[Directions]: Would you give the entries below again in full, exactly as they stand?

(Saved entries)
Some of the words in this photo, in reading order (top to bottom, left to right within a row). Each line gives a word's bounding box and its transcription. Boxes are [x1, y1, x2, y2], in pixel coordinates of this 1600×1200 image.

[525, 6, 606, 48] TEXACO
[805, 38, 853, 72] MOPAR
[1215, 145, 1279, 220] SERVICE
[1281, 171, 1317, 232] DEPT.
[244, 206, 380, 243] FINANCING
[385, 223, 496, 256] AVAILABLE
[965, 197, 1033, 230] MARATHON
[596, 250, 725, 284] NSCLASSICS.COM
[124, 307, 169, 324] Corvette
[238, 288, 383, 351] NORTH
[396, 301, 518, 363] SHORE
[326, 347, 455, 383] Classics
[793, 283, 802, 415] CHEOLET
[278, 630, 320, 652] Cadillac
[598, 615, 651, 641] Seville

[Exercise answer]:
Some of the words in this photo, in reading order (top to bottom, left to right within a row). Each line gives a word's bounding box and its transcription. Boxes are [x1, y1, x2, y2], in pixel coordinates of this 1600×1200 image.

[525, 6, 606, 48] TEXACO
[805, 38, 853, 72] MOPAR
[1215, 145, 1279, 220] SERVICE
[1281, 171, 1317, 232] DEPT.
[244, 206, 380, 243] FINANCING
[385, 223, 496, 256] AVAILABLE
[965, 197, 1033, 230] MARATHON
[596, 250, 725, 284] NSCLASSICS.COM
[124, 307, 169, 324] Corvette
[238, 288, 383, 351] NORTH
[396, 301, 518, 363] SHORE
[326, 347, 455, 383] Classics
[793, 283, 802, 415] CHEOLET
[278, 630, 320, 652] Cadillac
[598, 615, 651, 641] Seville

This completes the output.